Strzok’s lawyer, in his notice to the court last week, pointed out this discrepancy as well.

“On at least one occasion, the date added to the notes is wrong and could be read to suggest that a meeting at the White House happened before it did,” Strzok’s lawyer wrote to the court.

Yet, since the effort to get the case dropped took off, both the DOJ and Flynn’s team have injected some ambiguity into this timeline. In a June 23 letter to Flynn’s team, the Department said the meeting referenced in Strzok’s notes could have taken place on Jan. 3, 4 or 5. In a filing the same day, Flynn’s lawyers focused on Jan. 4.

“Strzok’s notes believed to be of January 4, 2017, reveal that former President Obama, James Comey, Sally Yates, Joe Biden, and apparently Susan Rice discussed the transcripts of Flynn’s calls and how to proceed against him,” Flynn’s lawyers said.

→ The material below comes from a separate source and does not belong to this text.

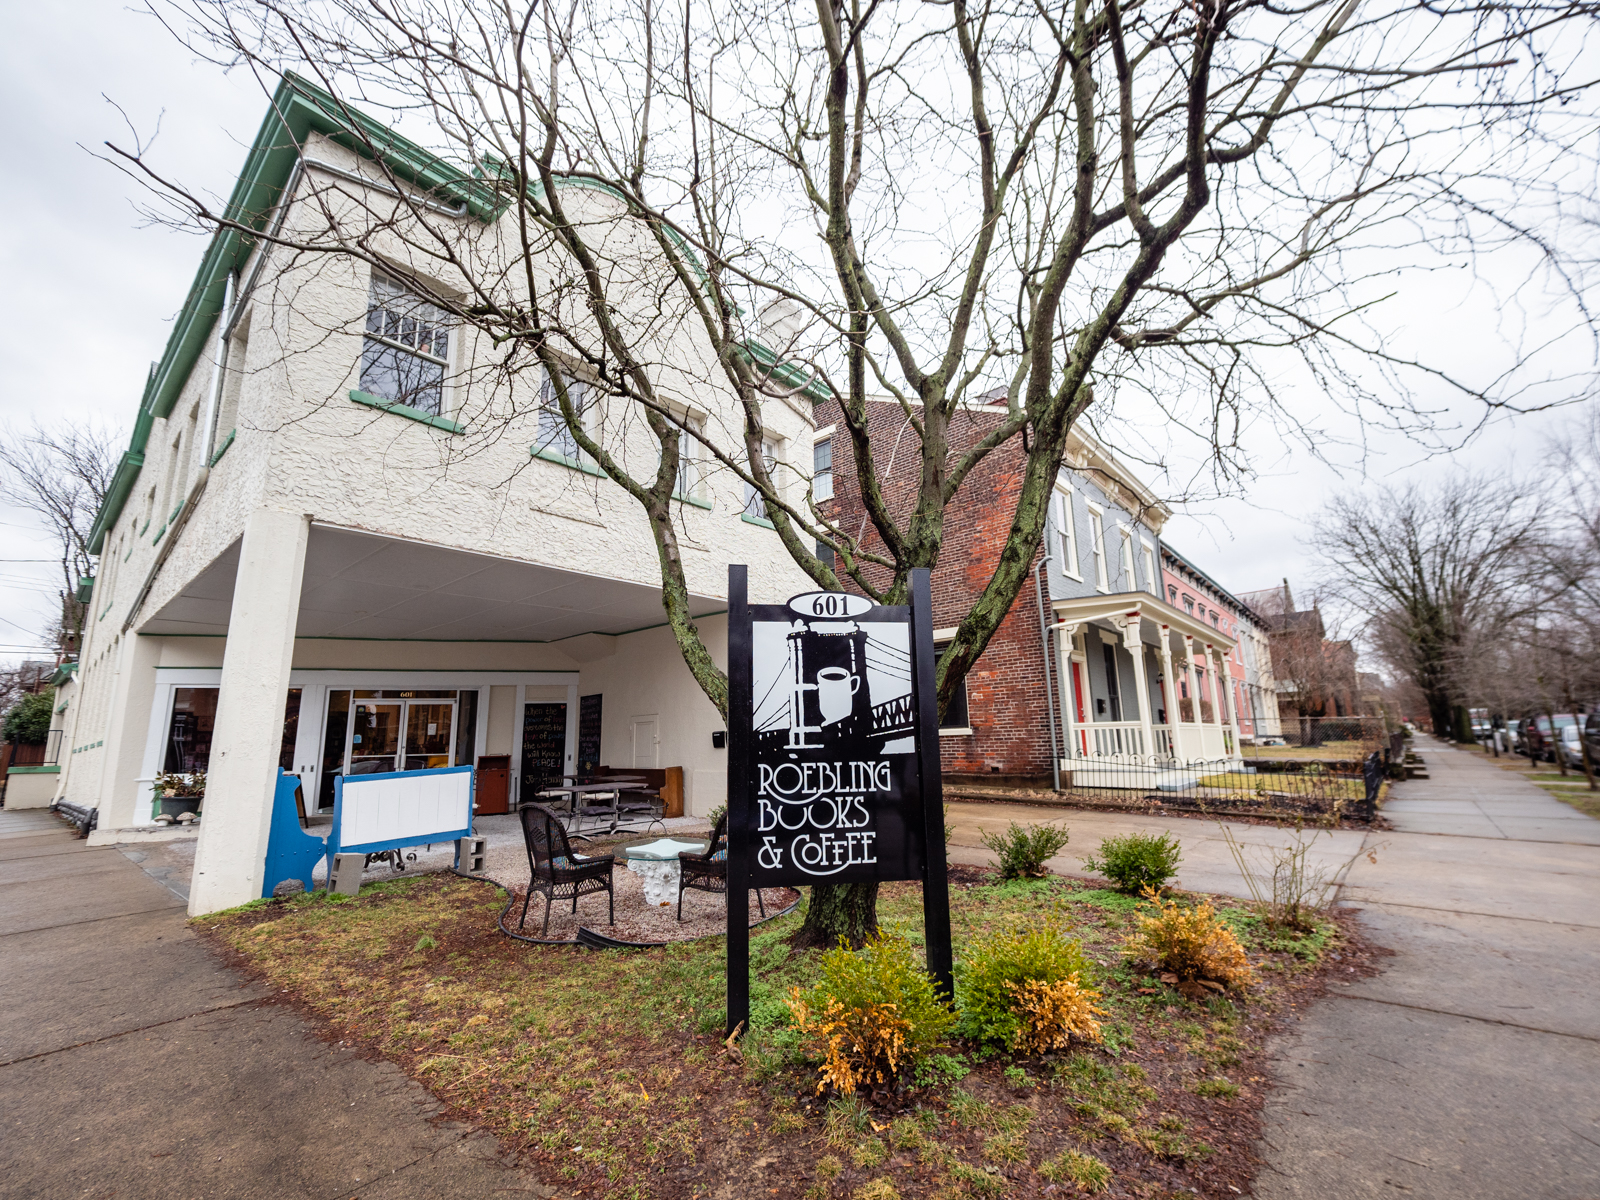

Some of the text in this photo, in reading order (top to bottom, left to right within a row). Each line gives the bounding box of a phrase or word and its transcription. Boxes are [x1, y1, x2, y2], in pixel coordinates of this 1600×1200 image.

The Flynn filing emphasized the Biden connection, pointing to indications in Strzok’s notes that appeared to show “that Vice President Biden personally raised the idea of the Logan Act.” The Logan Act criminalizes private citizens negotiating with foreign governments on behalf of the U.S.

In September, Flynn’s team filed the version of the notes with the Jan. 4-to-Jan. 5 post-it attached.

 

The Flynn filings have prompted headlines in Trump-aligned media playing up the role Biden supposedly played in the Russia probe, which right-wing commentators have sought to cast as a politically motived attempt by the Obama administration to undermine the incoming President. Trump himself repeated a version of the allegations at last week’s debate, by claiming that Biden gave “the idea for the Logan Act against General Flynn.”

However, as Politico noted, other documents released in the case have shown that the Logan Act was being discussed among FBI officials before the Jan. 5 meeting, undercutting the suggestion that Biden was somehow the genesis of the idea.

The post-it appended to the Jan. 5 notes was not the only post-it that “inadvertently’ got scanned into the versions of the documents produced for Flynn. Another set of Strzok notes were scanned and produced to the Flynn team with the Jensen team’s post-its, as were a set of notes from former FBI Deputy Director Andrew McCabe.

The post-it on McCabe’s notes suggested they were from May 10. Flynn’s team has used that date, in conjunction with the content of the notes, to allege that McCabe was “trying very hard to pin something on General Flynn” while supposedly briefing the Senate Intelligence Committee.

But as McCabe’s lawyers pointed out in their own notice to the court last week, there was no such McCabe Senate Intel briefing on that day.

“That was the day after President Trump had fired FBI Director Comey and Mr. McCabe was consumed with various other responsibilities,” the letter to the court said. “Mr. McCabe did participate in a public Senate Select Committee on Intelligence hearing and closed briefing on worldwide threats, along with other intelligence community officials, on May 11. Neither the public hearing nor the secret briefing had anything to do with Mr. Flynn.”